The Surreal, Baffling Place That the Pentagon’s Intelligence Leaked

Reading Time: 9 minutes

Jack Teixeira arrest: How Pentagon documents were leaked on a Discord server.

Last month, someone shared leaked intelligence documents on a Discord server run by a YouTuber who goes by the handle ‘wow_mao.’ The documents, part of a massive trove shared on various servers, detailed the sort of things the U.S. government really does not want bouncing all over the internet—specifically, secret information about the war in Ukraine and various military and intelligence operations.

The Discord servers, which are popular with gamers, are basically internet communities where members can post messages, share videos and memes, and talk with one another.
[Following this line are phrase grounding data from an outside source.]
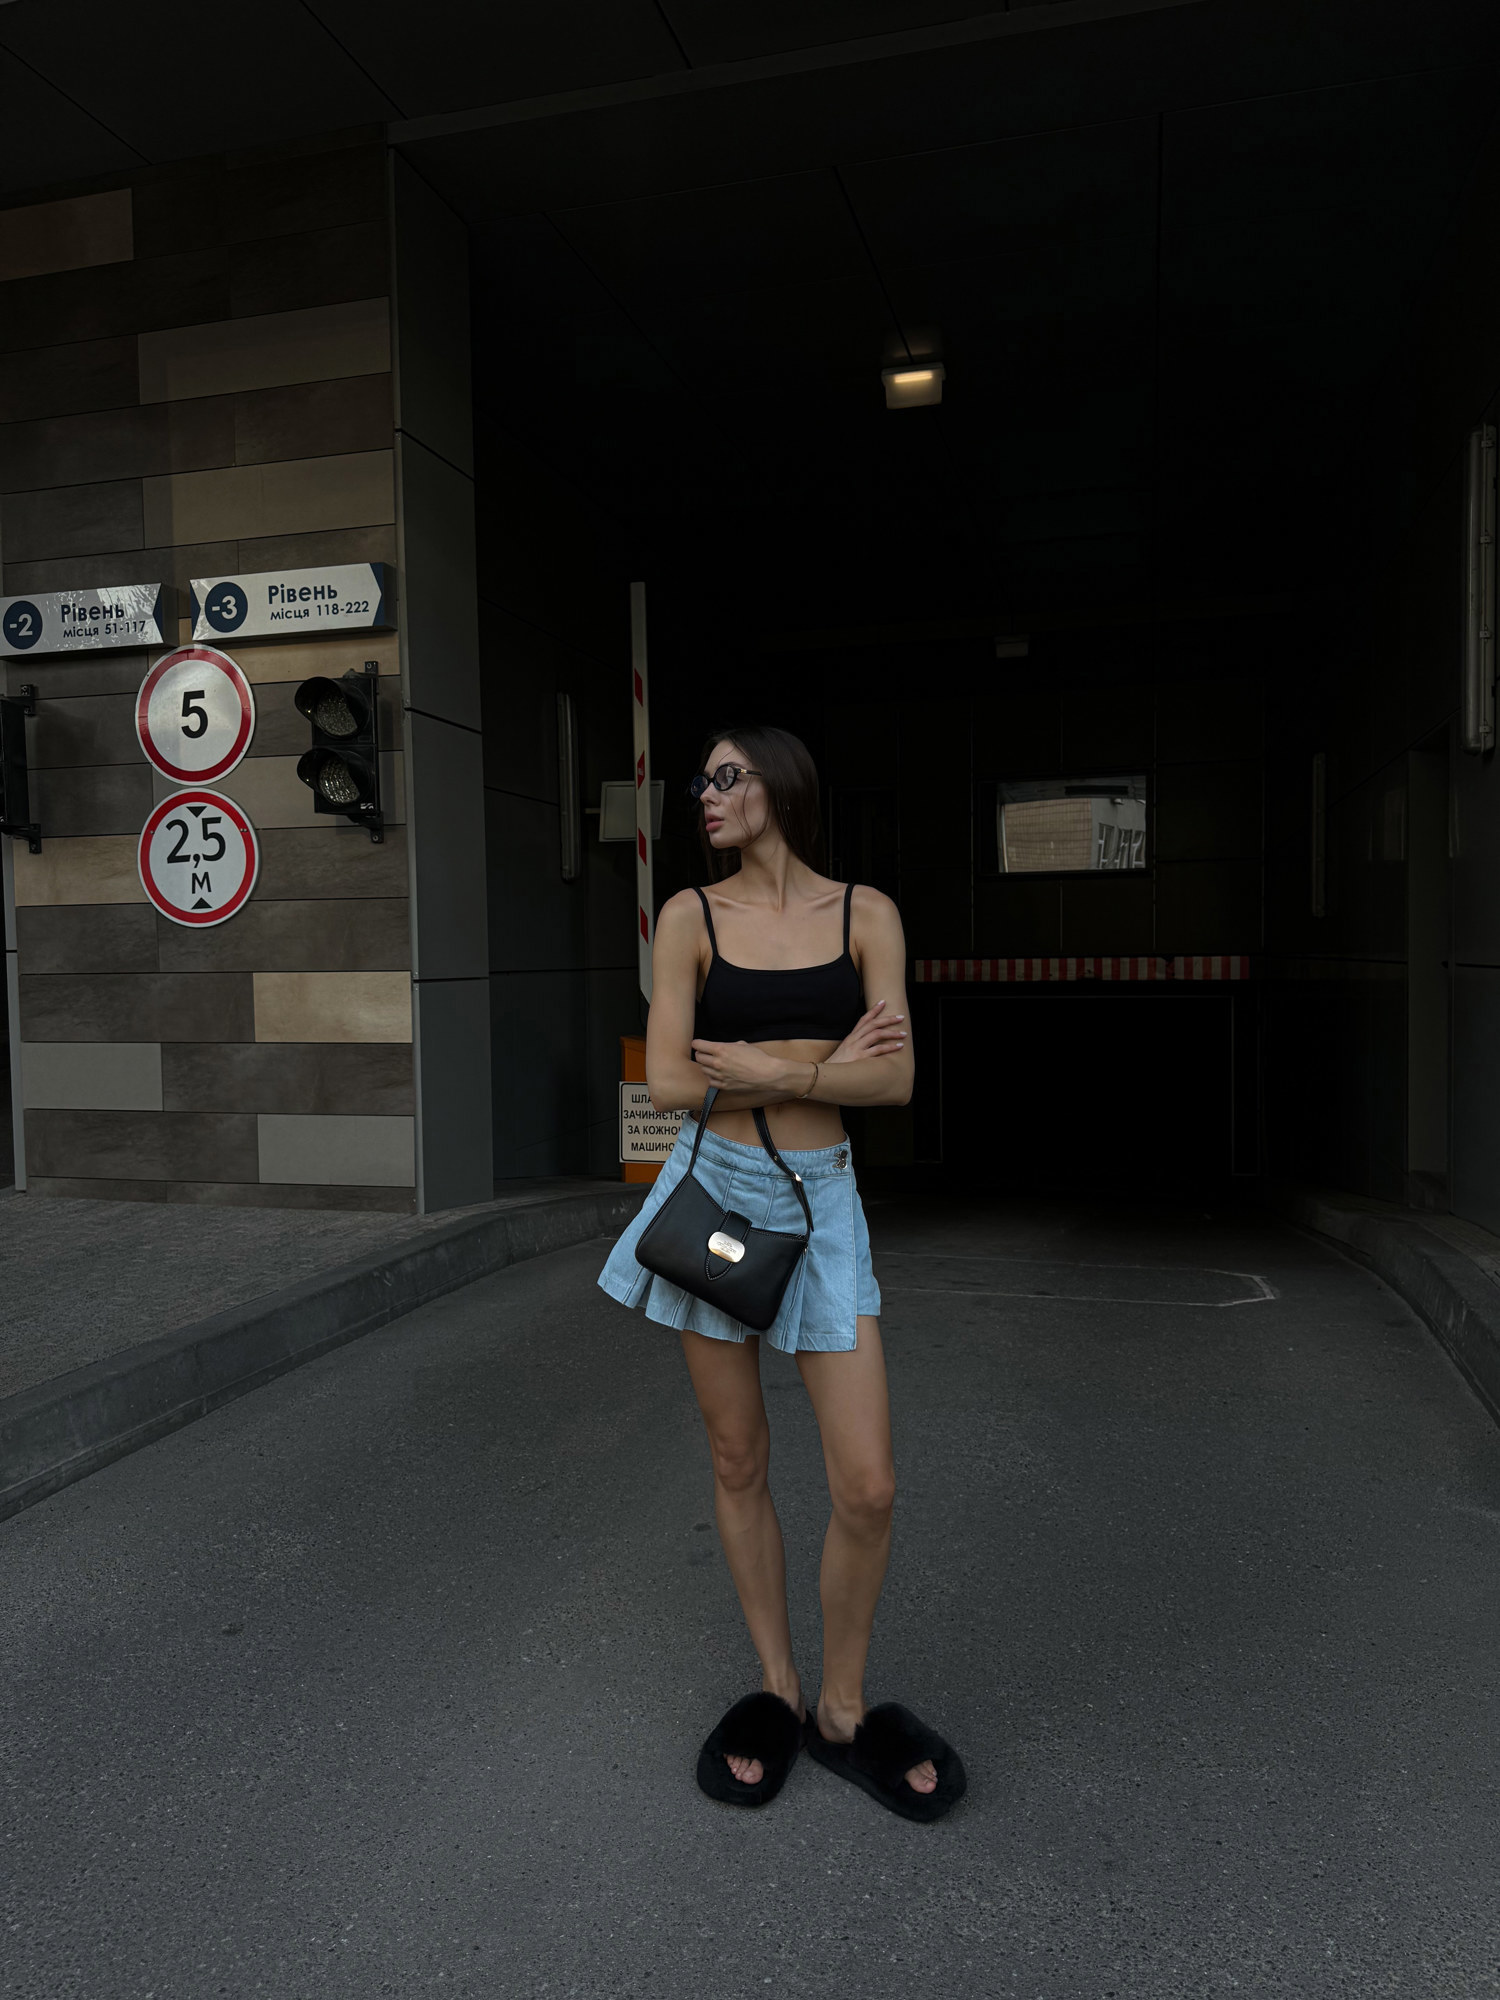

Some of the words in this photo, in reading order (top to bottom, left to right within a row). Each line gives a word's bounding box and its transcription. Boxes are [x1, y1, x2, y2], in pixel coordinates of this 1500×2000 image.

[268, 583, 338, 605] Рівень
[61, 602, 125, 623] Рівень
[211, 595, 238, 620] -3
[270, 608, 310, 621] місця
[316, 600, 369, 617] 118-222
[9, 613, 33, 637] -2
[63, 626, 99, 638] місця
[104, 620, 146, 635] 51-117
[181, 689, 208, 739] 5
[165, 816, 226, 869] 2,5
[631, 1094, 652, 1104] ШЛА
[623, 1109, 687, 1121] ЗАЧИНЯЄТЬС
[627, 1125, 640, 1135] ЗА
[643, 1125, 680, 1136] КОЖНО
[631, 1142, 675, 1152] МАШИНО
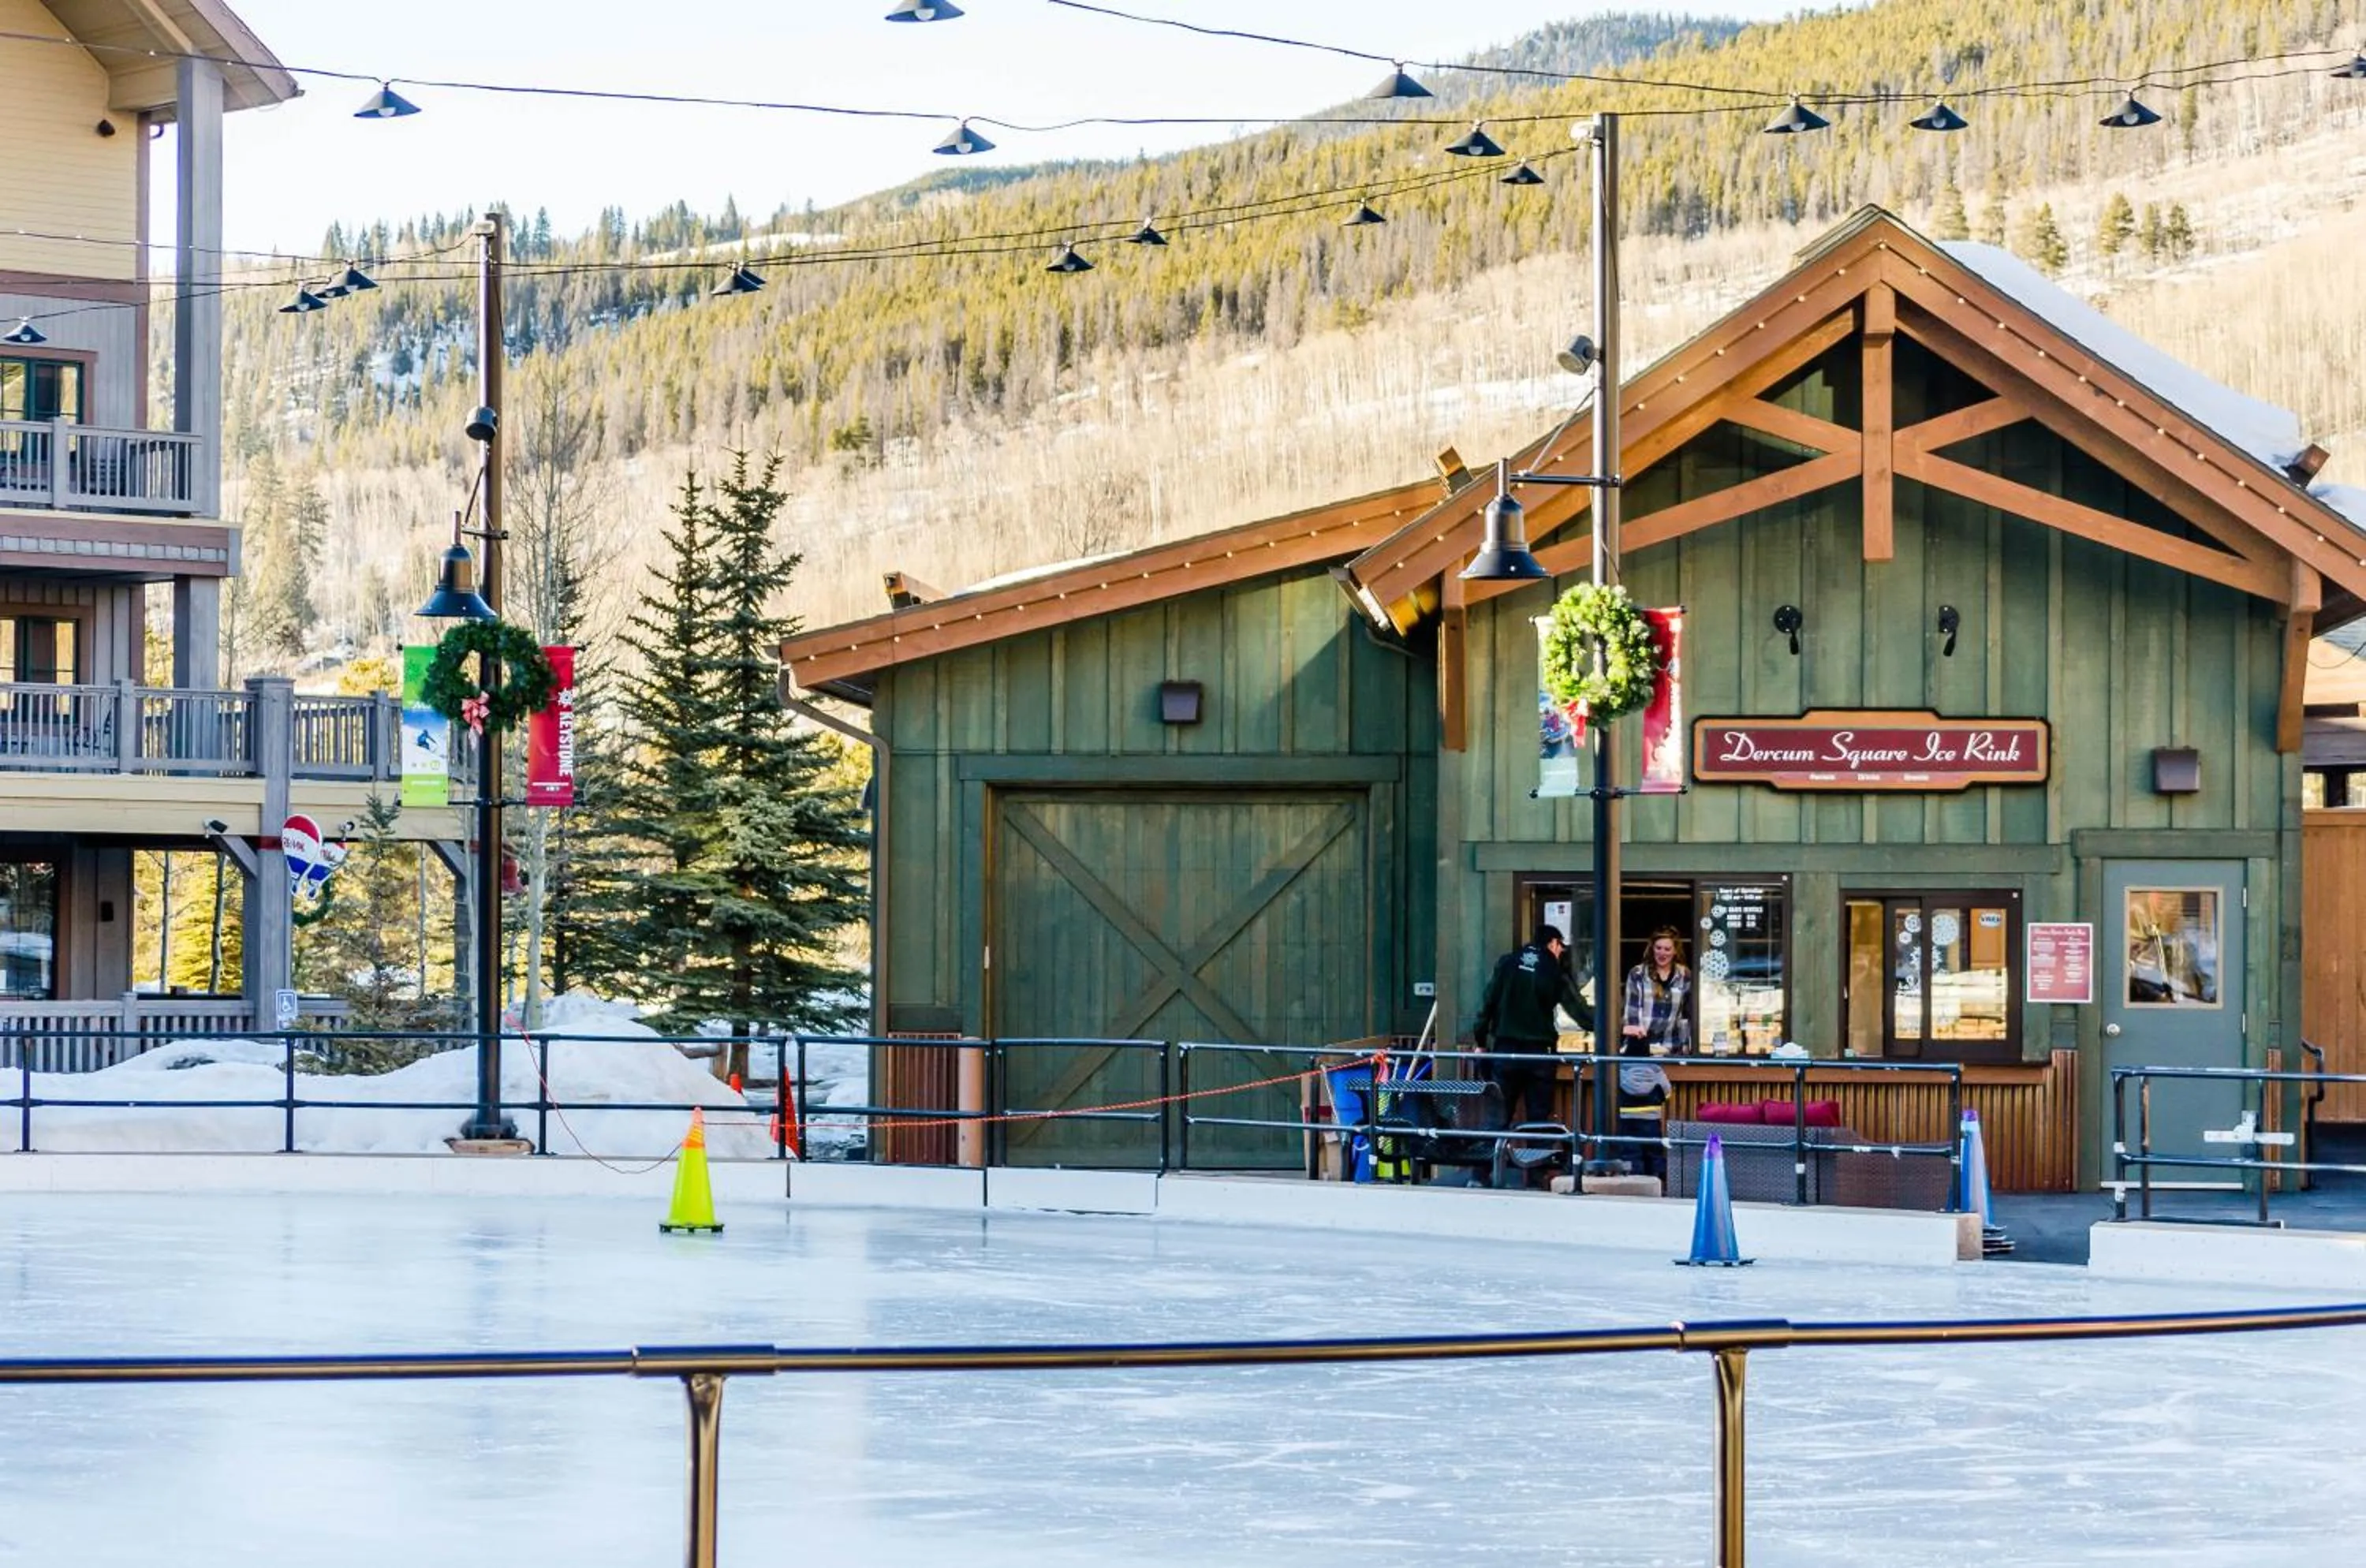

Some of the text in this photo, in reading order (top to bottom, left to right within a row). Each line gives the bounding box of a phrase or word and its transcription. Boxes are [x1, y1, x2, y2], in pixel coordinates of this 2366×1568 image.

Reporters traced the intelligence documents back to a 21-year-old member of the Massachusetts Air National Guard named Jack Teixeira, who was sharing classified information on a Discord server called ‘Thug Shaker Central.’ The server’s name comes from a racist meme, and there was racist and antisemitic content shared in the channel, where members also bonded over guns and military gear.

On Thursday afternoon, Teixeira was arrested by the FBI. On Friday’s episode of What Next: TBD, I spoke with Shane Harris, who covers intelligence for the Washington Post, about how classified documents ended up on a corner of the internet mostly occupied by gamers. Our conversation has been edited and condensed for clarity, and was recorded on Thursday evening.

Lizzie O’Leary: What do we know about who was on the Thug Shaker Central server?

Shane Harris: The server, kind of the group, comes together at the onset of the pandemic. And a number of the users, and we think the majority of them, are actually teenage boys. They’re kids who are cut off from their friends, they’re locked down at home. They’re feeling very isolated. And this server becomes like a pandemic refuge for them. And this guy, Teixeira, who they would refer to as OG, or the OG, kind of became the elder uncle/father figure to a lot of the young kids in this group.

Teixeira’s day job was essentially IT support for the military, and he had access to an intelligence computer system that acts like the Pentagon’s intranet. What do we know about that system?

It’s the network that, if you are on, you have access to all kinds of top-secret and sensitive information, much of which is of the kind that it looks like Teixeira was allegedly putting in this chat room.

Discord is big among gamers, but it’s not restricted to gamers. Anyone can make a Discord server, basically your own message board, where you can post things and chat by text and video. But Discord is a pretty weird place for a major intelligence leak to happen, right?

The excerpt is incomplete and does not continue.